ELOISA JAMES

  With This Kiss: Part Three

  Contents

  Author’s Note

  One

  Two

  Three

  Four

  Five

  Epilogue

  Announcement Page

  An Excerpt from The Ugly Duchess

  One

  Two

  An Excerpt from “Seduced by a Pirate”

  One

  About the Author

  By Eloisa James

  Copyright

  About the Publisher

  Author’s Note

  Dear Readers,

  We left Colin Griffin and Lady Grace Ryburn in an inn, when she just realized that it would break her heart to marry a man who loves her sister Lily—and believes he made love to Lily, when in reality he was making love to Grace.

  But Colin has decided that he should imitate his pirate father, throw propriety to the winds, and simply take what he most wants…

  Be sure to read the first two parts of With this Kiss before leaping into Part Three!

  With all best wishes,

  One

  Colin stood in the corridor, leaning against the opposite wall with his arms crossed. All his male beauty struck her like a blow in the face, and she cried, recklessly, “You can’t stop me!”

  His hands shot out and unerringly caught her shoulders. “Yes, I can.”

  She began to wiggle, and realized how stupid that was. “Colin, I must beg you to allow me to leave. I need some time alone. I have to think, to decide what to do next. If you would simply forget the events of the day, I would—”

  “I would surmise this is your bedchamber?” he asked, cutting her off.

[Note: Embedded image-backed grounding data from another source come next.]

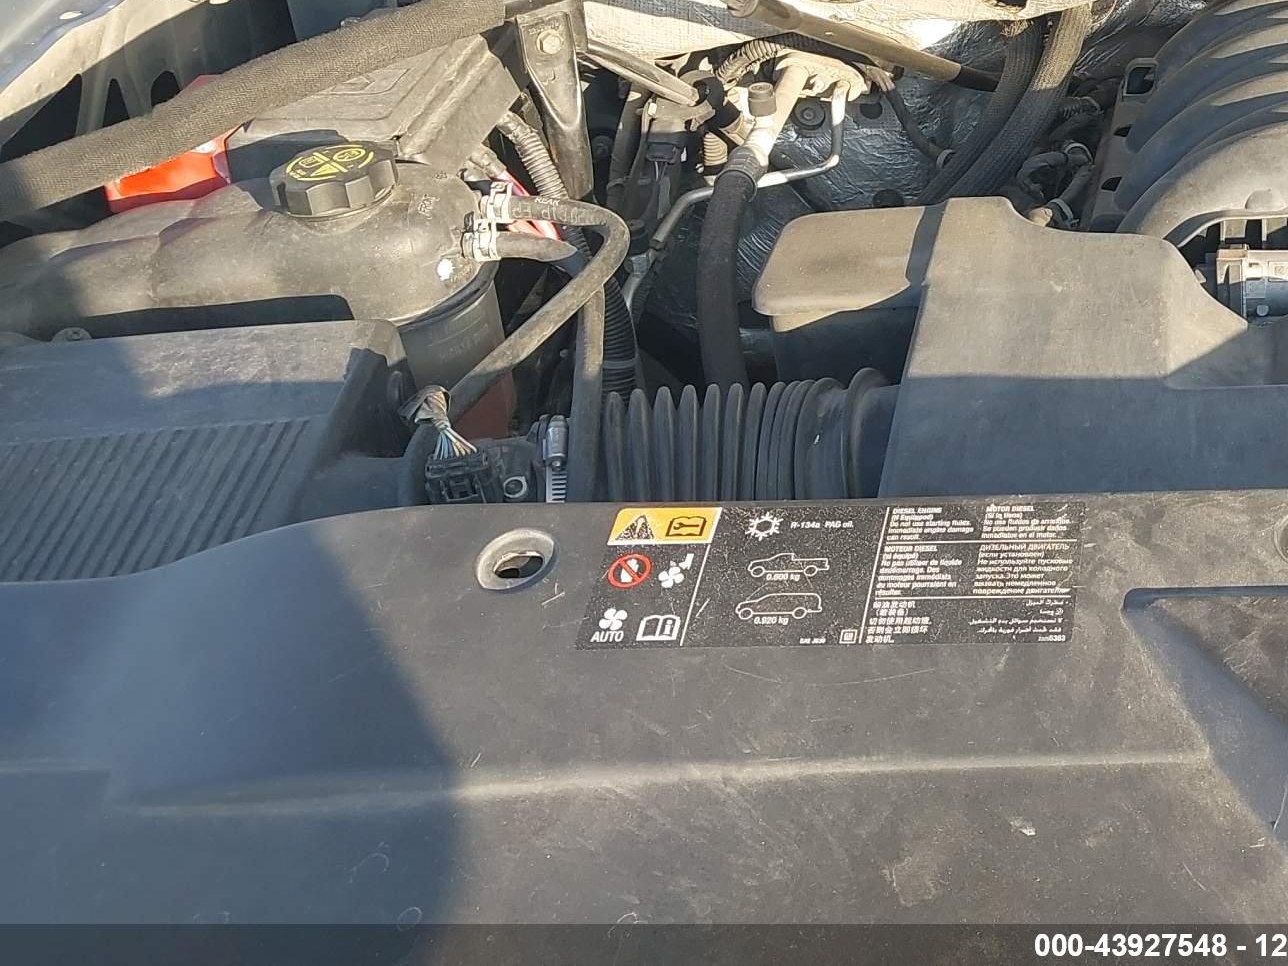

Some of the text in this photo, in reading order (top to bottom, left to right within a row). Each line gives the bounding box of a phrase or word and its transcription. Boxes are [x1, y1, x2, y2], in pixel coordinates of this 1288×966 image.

[790, 520, 854, 529] R-134a PAG oil.
[789, 573, 801, 581] kg
[753, 617, 789, 626] 0.920 kg
[590, 630, 624, 643] AUTO
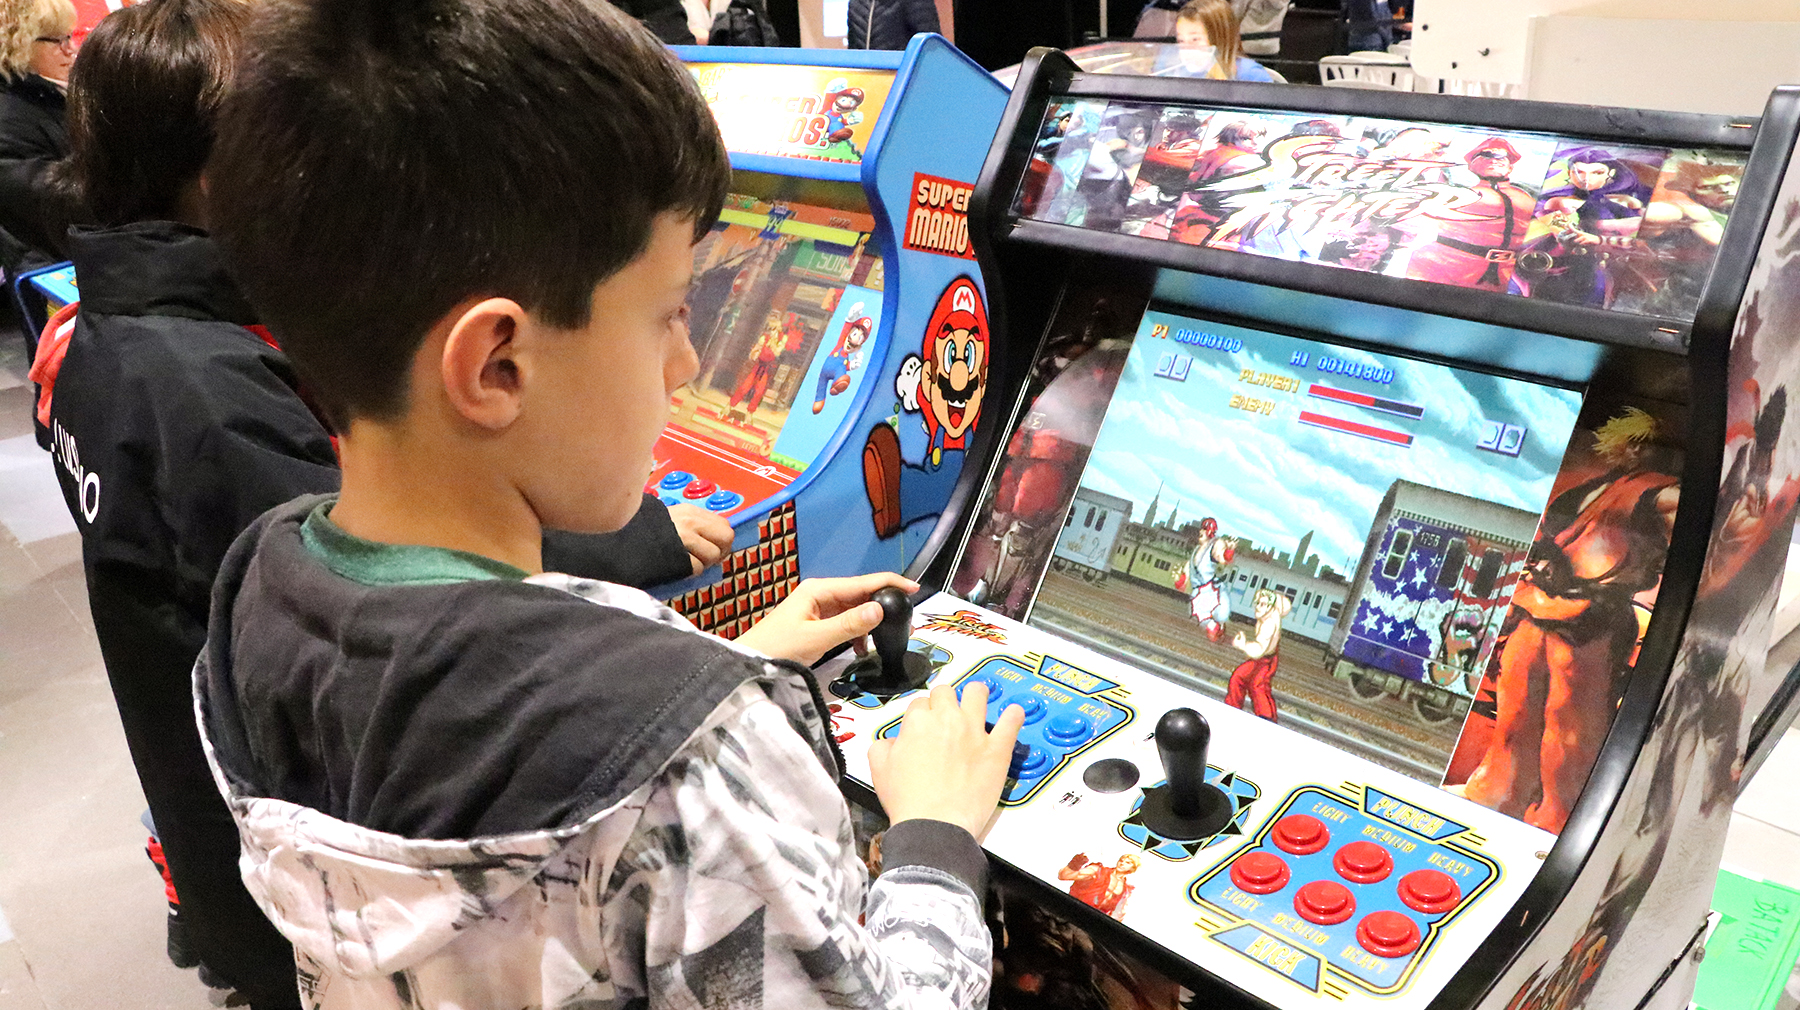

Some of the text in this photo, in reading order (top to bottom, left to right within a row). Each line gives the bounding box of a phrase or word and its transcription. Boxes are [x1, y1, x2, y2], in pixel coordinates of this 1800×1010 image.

Then he let go of her right shoulder and pushed the door open behind her.

  She stumbled backward, dropping her traveling bag. “Let go of me!” At least she didn’t feel like crying any longer. Instead, she found herself contemplating how hard she would have to shove a blind man in order to make an escape over his fallen body.

  One glance at Colin’s wide shoulders, and this idea fell by the wayside.

  “Lead me to the bed,” he said grimly, kicking the door shut and stepping forward again.

  “I will not!”

  He pushed, and she stepped back again. “If we’re going to stumble into the chamber pot, you might want to warn me,” he said, without a glimmer of humor in his voice.

  There was something wild about Colin that she had never seen in the disciplined young officer who paid visits to her parents. He hadn’t shaved that morning, and his face was dark with stubble.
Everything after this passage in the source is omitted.